In Meta 2 haben wir eine suggestive Signal auf dem Chromosom 1 beobachtet (rs9793739, P-Wert = 5,27 x 10 -7). Keine relevanten Angaben mit Karies für Gene in der Nähe dieses SNP Ausnahme, dass etwa 400 kb vor dem Top-Hit gefunden wurde, war die RHOU Gen (der nächste Hit, Abbildung2d), ein Mitglied der Rho-GTPase. Hinweise darauf, dass GTPasen wirken als Schlüsselmediatoren der Wnt-Signalkaskade [36], ein Weg, der für seine Rolle bei der Regulierung der Zahnmorphologie während der Zahnentwicklung [37] bekannt ist. 2001 Tao et al.
Zeigte in Mäusen, die mögliche Rolle von RHOU
in der Regulation der Zellmorphologie und die Proliferation durch die Wnt1 Signalweg [38]. Obwohl biologisch plausibel, ist es derzeit nicht bekannt, ob RHOU in der genetischen Anfälligkeit für Karies beteiligt ist.

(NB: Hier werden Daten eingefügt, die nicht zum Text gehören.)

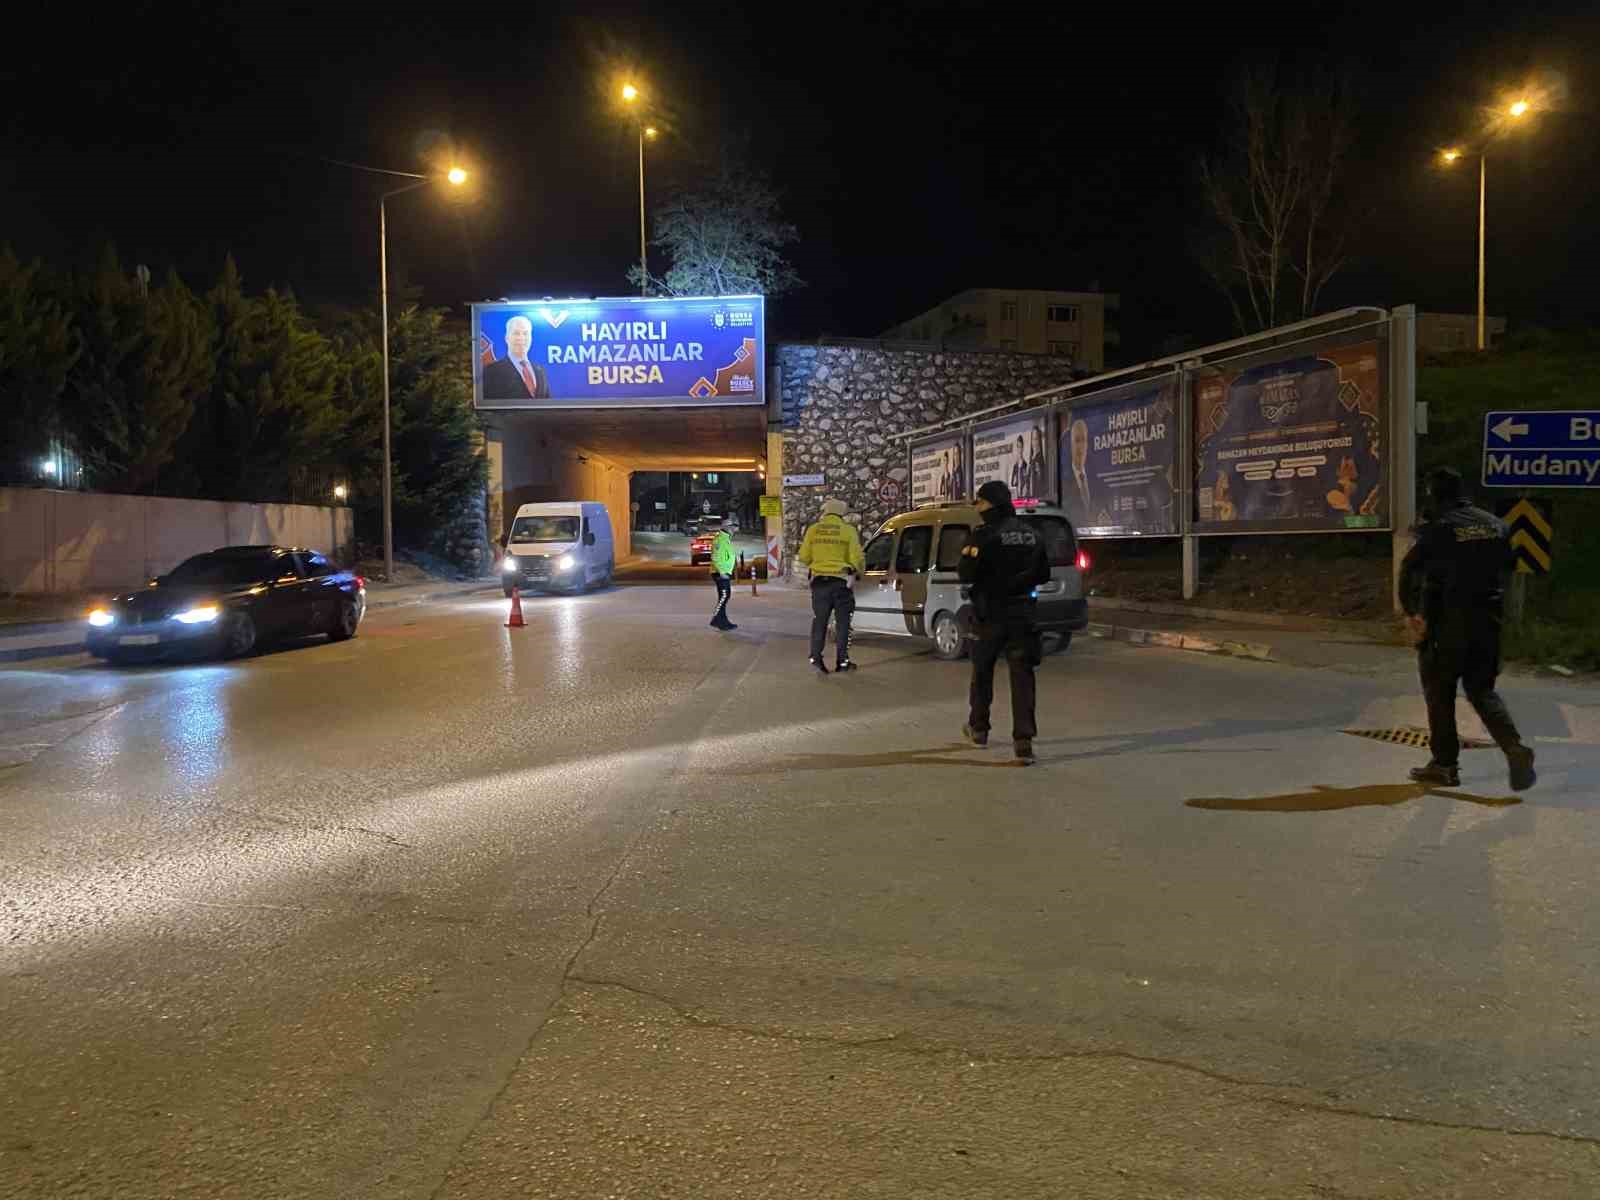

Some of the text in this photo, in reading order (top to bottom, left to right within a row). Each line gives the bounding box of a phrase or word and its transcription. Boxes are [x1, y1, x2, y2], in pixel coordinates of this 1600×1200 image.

[581, 320, 667, 341] HAYIRLI
[547, 342, 704, 364] RAMAZANLAR
[587, 365, 664, 385] BURSA
[1108, 407, 1147, 430] HAYIRLI
[1094, 424, 1165, 451] RAMAZANLAR
[1111, 445, 1146, 465] BURSA
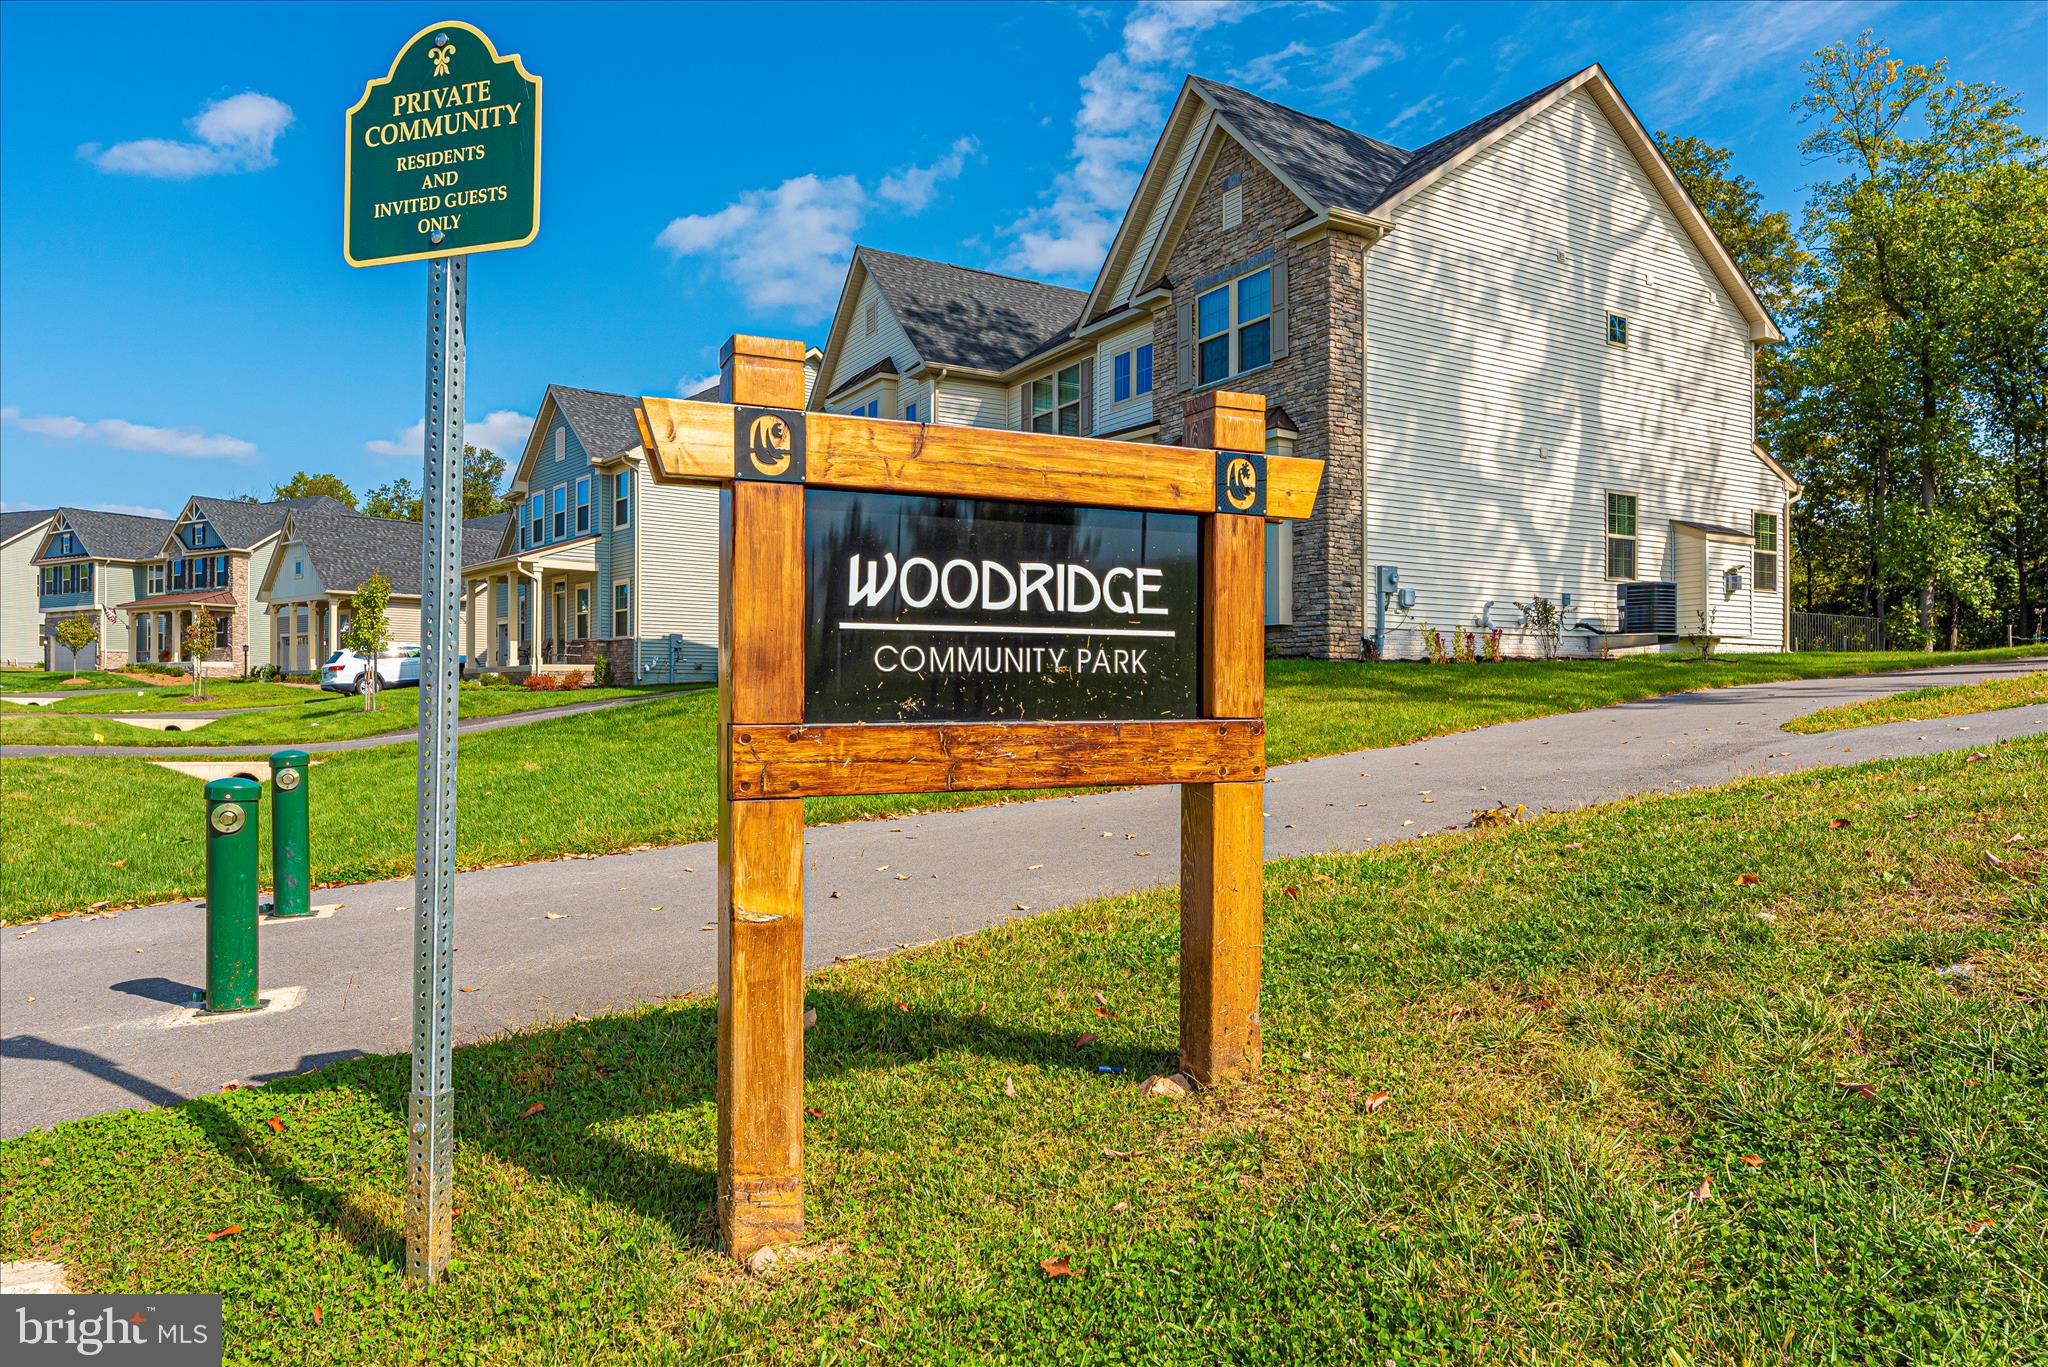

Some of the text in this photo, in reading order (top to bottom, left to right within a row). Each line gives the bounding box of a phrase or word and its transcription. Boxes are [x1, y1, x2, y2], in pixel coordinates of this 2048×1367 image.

Meta 3 beobachteten wir eine suggestive Verbindung mit rs1383934 (P-Wert = 2,96 x 10 -7). Diese SNP liegt auf Chromosom 4 in der Intronregion ADAMTS3
(Abbildung 2e), die stark während der Zahnentwicklung in der Zahnpapille in Mäusen [39] ausgedrückt wird. Die Rolle der ADAMTS3
in cariogenesis ist unbekannt; jedoch aufgrund seiner Rolle in der Zahnentwicklung in Maus, ist es plausibel, dass dieses Gen die Anfälligkeit für Karies betrifft.
Andere interessante Signale (P-Werte ≤ 10E-5) Hotels in Meta 1 beobachteten wir auch suggestiv Vereinigung für ein 400 kb-Region auf Chromosom 5 einschließlich der ISL1
Gen (rs4865673, P-Wert = 8,73 x 10 -6, Figure2F). Alle Autoren gelesen und genehmigt haben das endgültige Manuskript.